* [Try it]:
Print every record exactly, but leave out the pictures.

START Exercise inputs

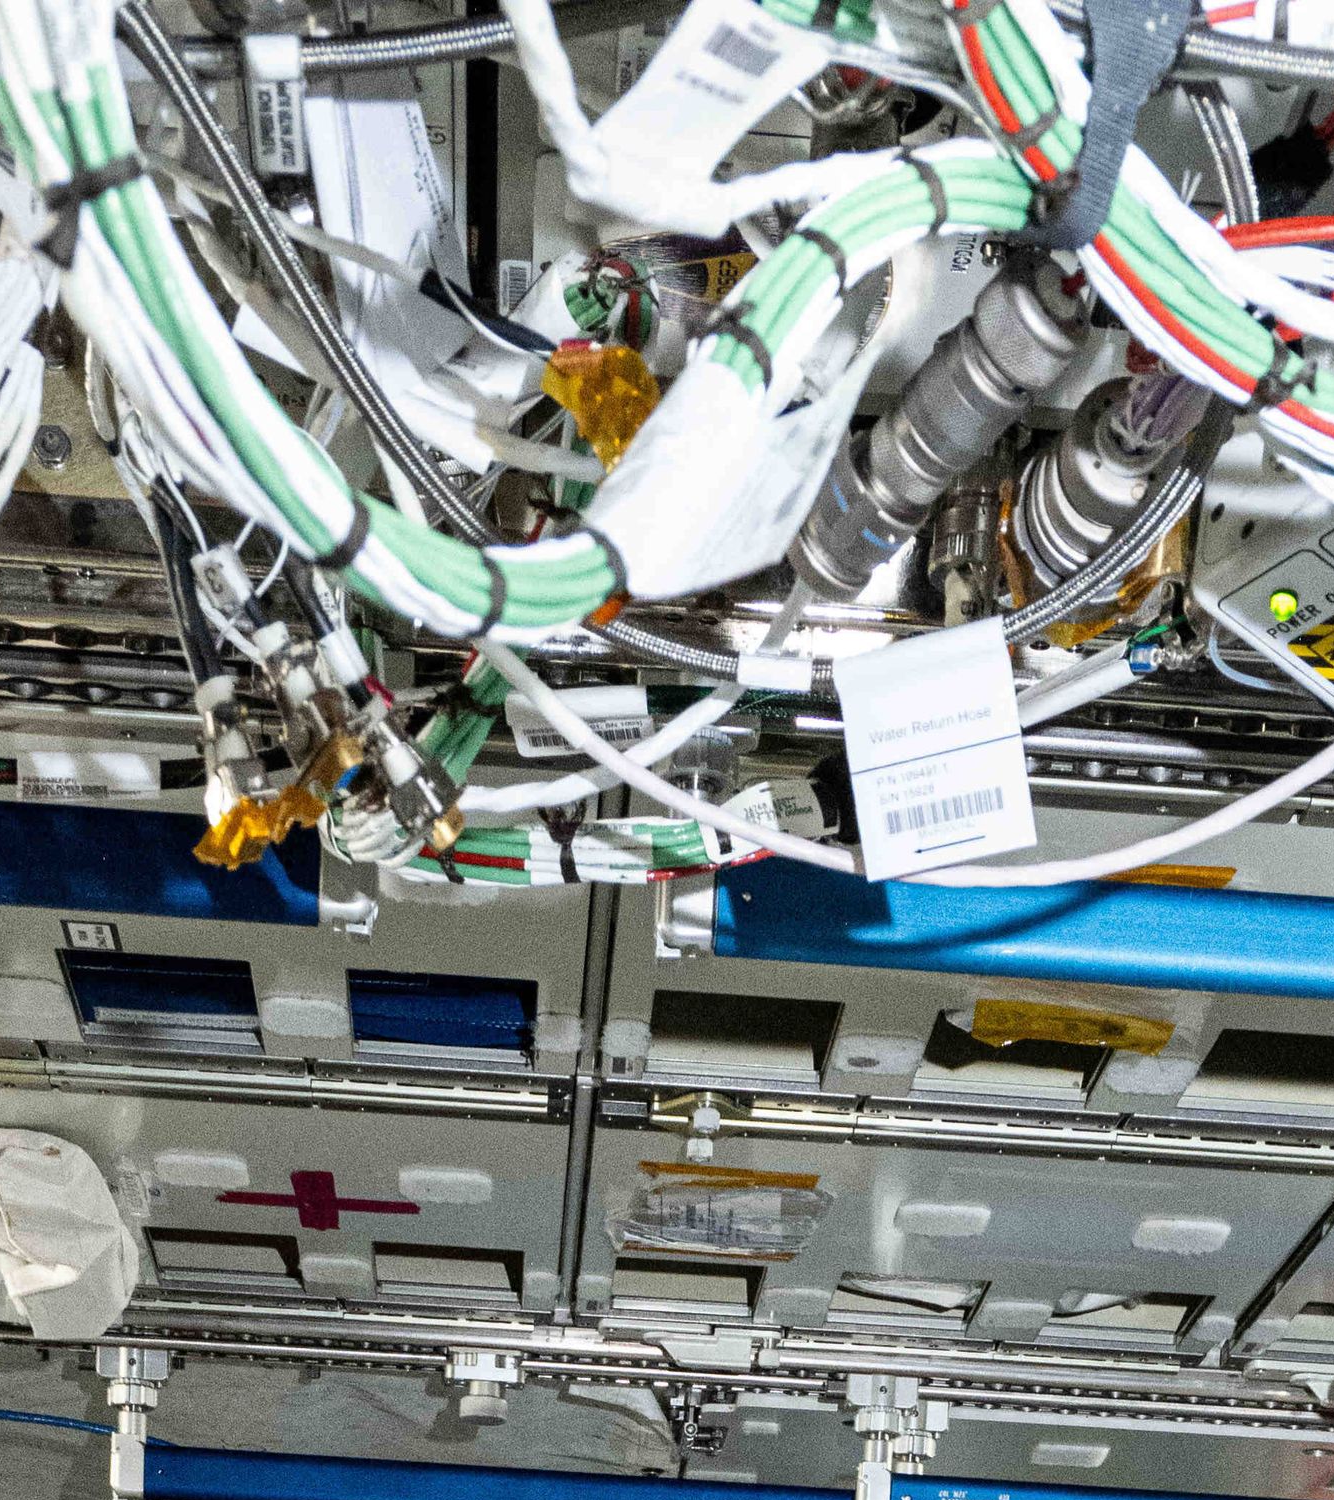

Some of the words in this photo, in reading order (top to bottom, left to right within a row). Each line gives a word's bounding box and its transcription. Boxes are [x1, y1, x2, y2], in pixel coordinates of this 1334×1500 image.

[1267, 604, 1321, 639] POWER
[869, 727, 908, 746] Water
[911, 717, 956, 734] Return
[958, 707, 992, 725] Hose
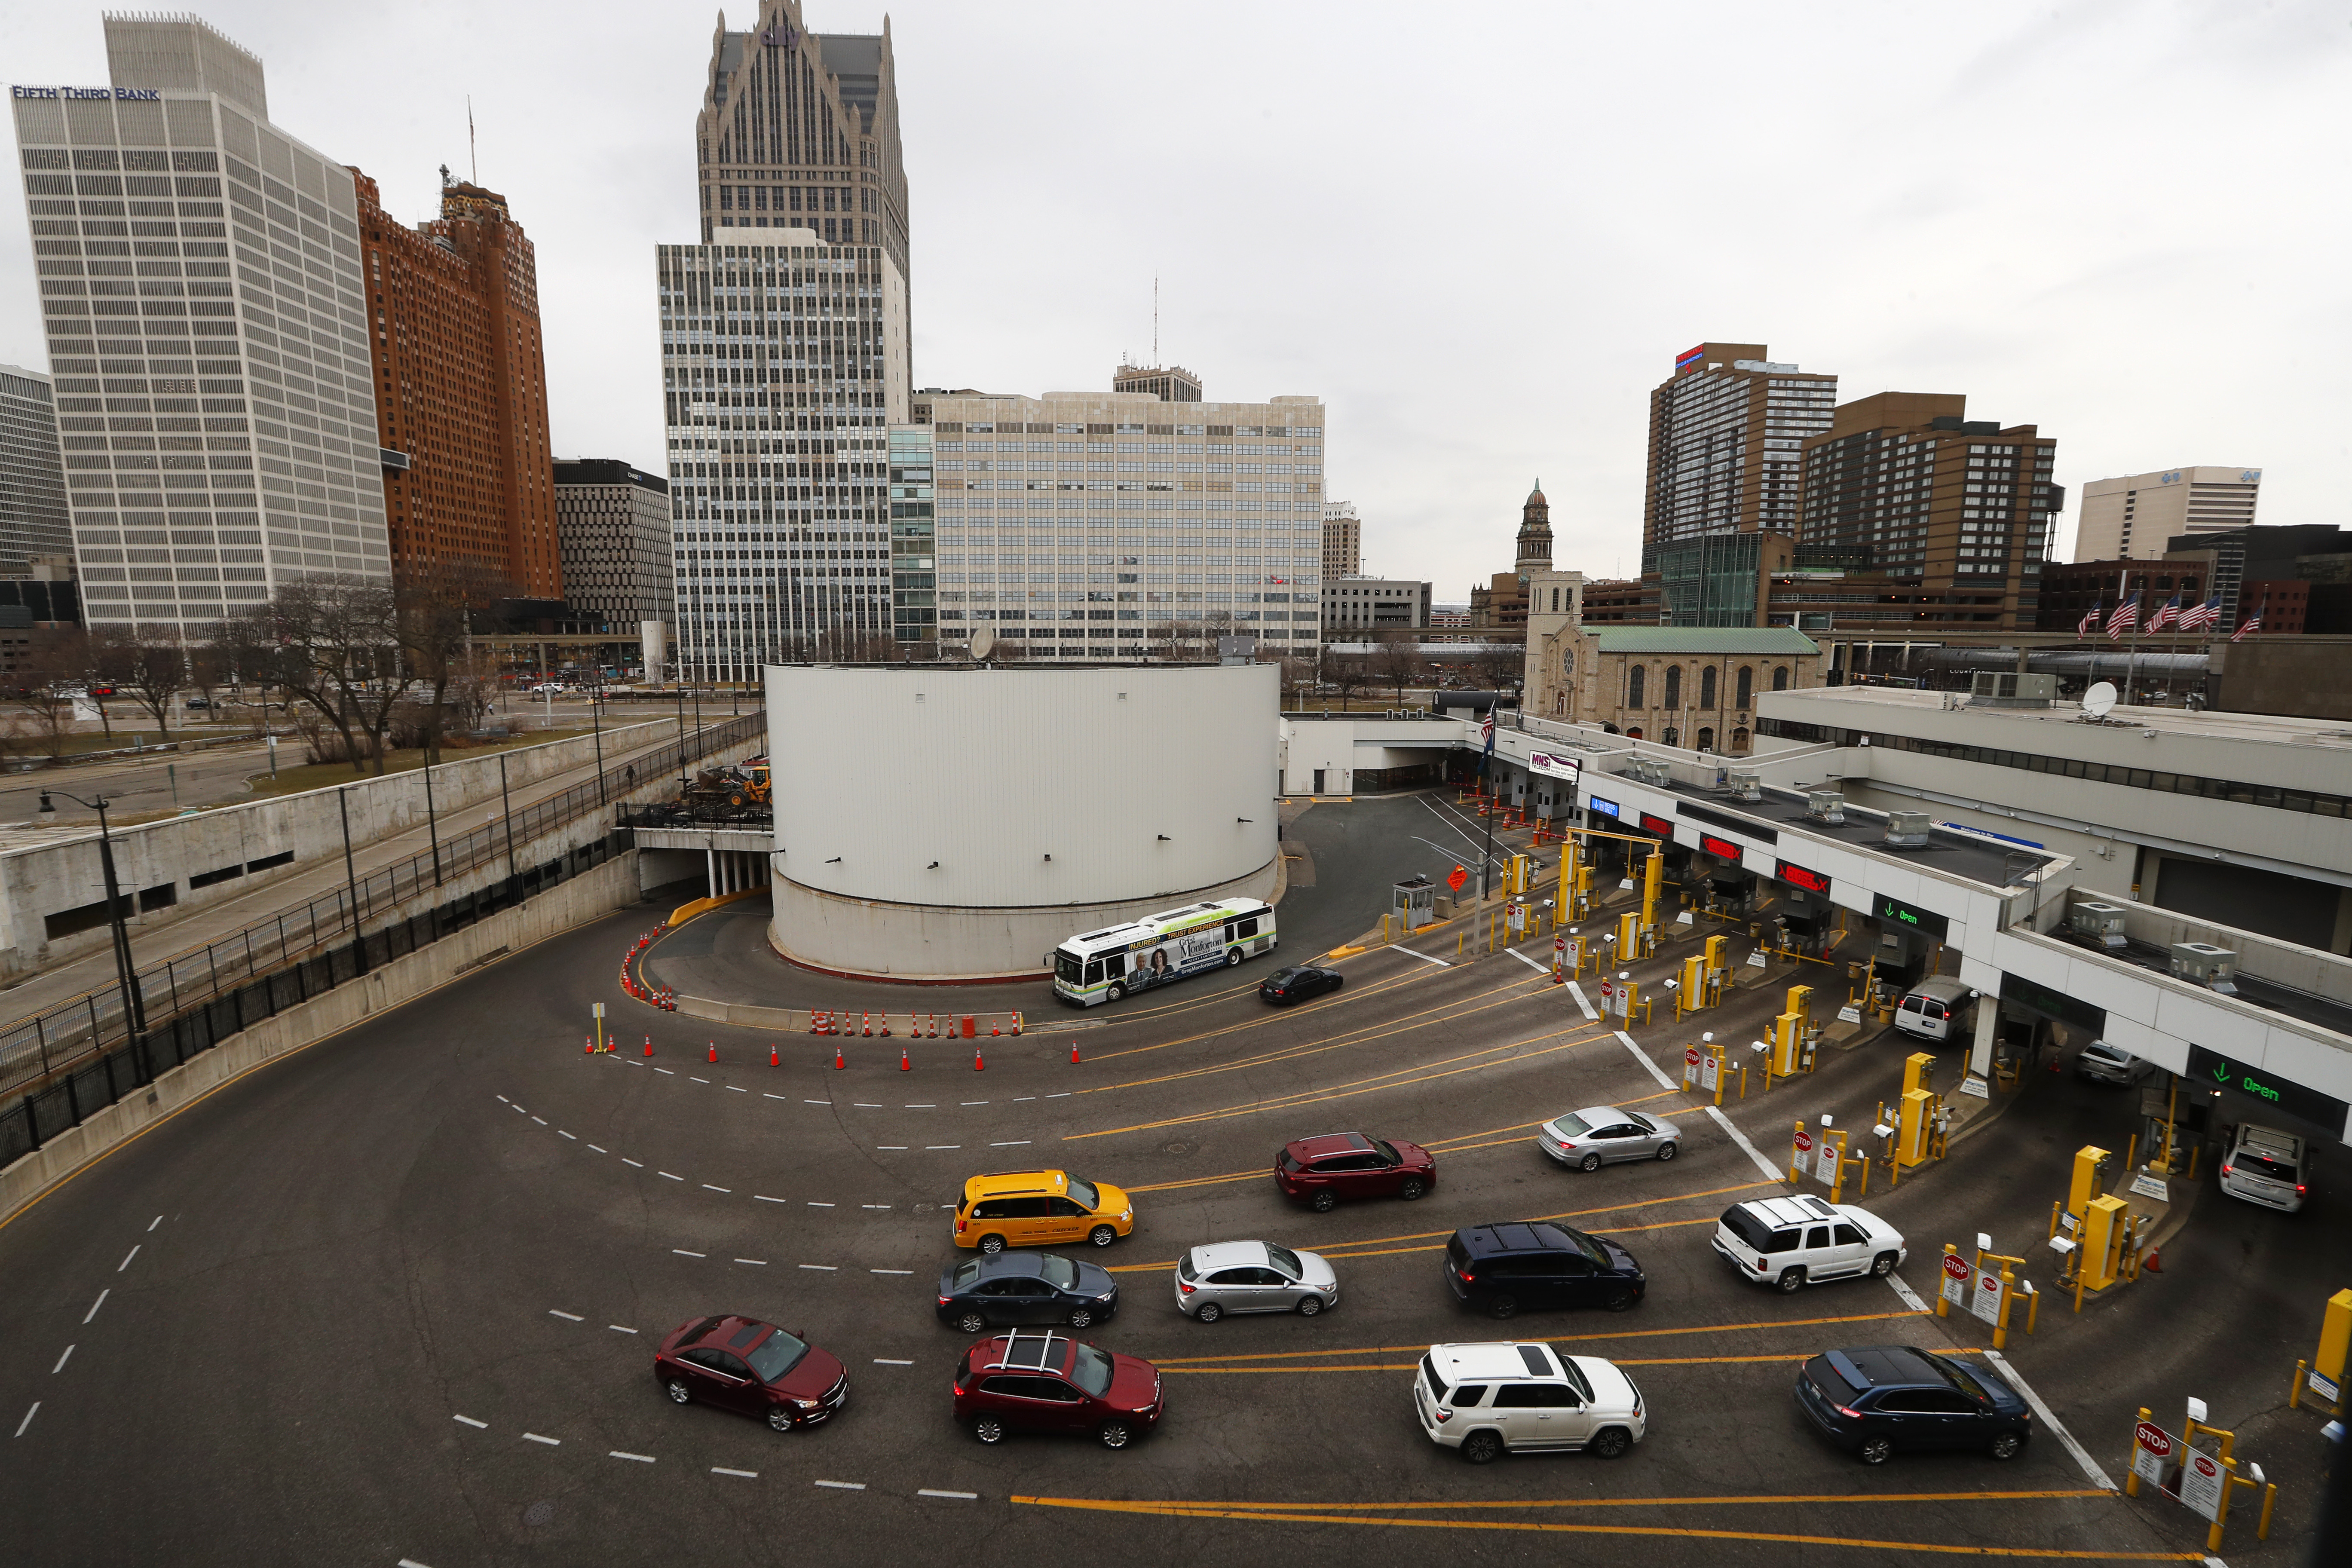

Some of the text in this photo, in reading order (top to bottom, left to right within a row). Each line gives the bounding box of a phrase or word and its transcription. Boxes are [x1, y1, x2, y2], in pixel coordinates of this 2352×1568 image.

[12, 86, 161, 101] FIFTH THIRD BANK
[1677, 344, 1703, 363] RENAISSANCE
[1605, 802, 1615, 810] NEXUS
[1647, 818, 1667, 833] CLOSED
[1709, 840, 1733, 857] CLOSED
[1900, 910, 1917, 924] Open
[1170, 922, 1188, 930] HYBRID
[1129, 919, 1224, 950] INJURED? TRUST EXPERIENCE
[1179, 936, 1196, 946] Greg
[1180, 939, 1222, 959] Monforton
[1181, 959, 1224, 974] GregMonforton.com
[1686, 1052, 1699, 1062] STOP
[2243, 1077, 2279, 1101] Open
[1795, 1136, 1811, 1147] STOP
[1945, 1259, 1967, 1274] STOP
[1983, 1280, 1996, 1289] STOP
[2138, 1427, 2168, 1450] STOP
[2195, 1460, 2214, 1473] STOP

END Exercise inputs

* [Response box]:
Some of the words in this photo, in reading order (top to bottom, left to right within a row). Each line gives a word's bounding box and its transcription. Boxes are [x1, y1, x2, y2], in pixel coordinates of this 1334×1500 image.

[1267, 604, 1321, 639] POWER
[869, 727, 908, 746] Water
[911, 717, 956, 734] Return
[958, 707, 992, 725] Hose

Some of the text in this photo, in reading order (top to bottom, left to right within a row). Each line gives the bounding box of a phrase or word and its transcription. Boxes are [x1, y1, x2, y2], in pixel coordinates of this 2352×1568 image.

[12, 86, 161, 101] FIFTH THIRD BANK
[1677, 344, 1703, 363] RENAISSANCE
[1605, 802, 1615, 810] NEXUS
[1647, 818, 1667, 833] CLOSED
[1709, 840, 1733, 857] CLOSED
[1900, 910, 1917, 924] Open
[1170, 922, 1188, 930] HYBRID
[1129, 919, 1224, 950] INJURED? TRUST EXPERIENCE
[1179, 936, 1196, 946] Greg
[1180, 939, 1222, 959] Monforton
[1181, 959, 1224, 974] GregMonforton.com
[1686, 1052, 1699, 1062] STOP
[2243, 1077, 2279, 1101] Open
[1795, 1136, 1811, 1147] STOP
[1945, 1259, 1967, 1274] STOP
[1983, 1280, 1996, 1289] STOP
[2138, 1427, 2168, 1450] STOP
[2195, 1460, 2214, 1473] STOP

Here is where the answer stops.